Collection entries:
§ §
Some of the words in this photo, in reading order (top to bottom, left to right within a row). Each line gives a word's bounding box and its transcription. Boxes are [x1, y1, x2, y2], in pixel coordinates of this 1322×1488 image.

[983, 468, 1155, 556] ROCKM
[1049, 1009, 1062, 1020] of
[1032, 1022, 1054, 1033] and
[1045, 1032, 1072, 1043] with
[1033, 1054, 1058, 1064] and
§ §
Copy out each record exactly as given, omitting none.

TASK ANSWER:
Some of the words in this photo, in reading order (top to bottom, left to right within a row). Each line gives a word's bounding box and its transcription. Boxes are [x1, y1, x2, y2], in pixel coordinates of this 1322×1488 image.

[983, 468, 1155, 556] ROCKM
[1049, 1009, 1062, 1020] of
[1032, 1022, 1054, 1033] and
[1045, 1032, 1072, 1043] with
[1033, 1054, 1058, 1064] and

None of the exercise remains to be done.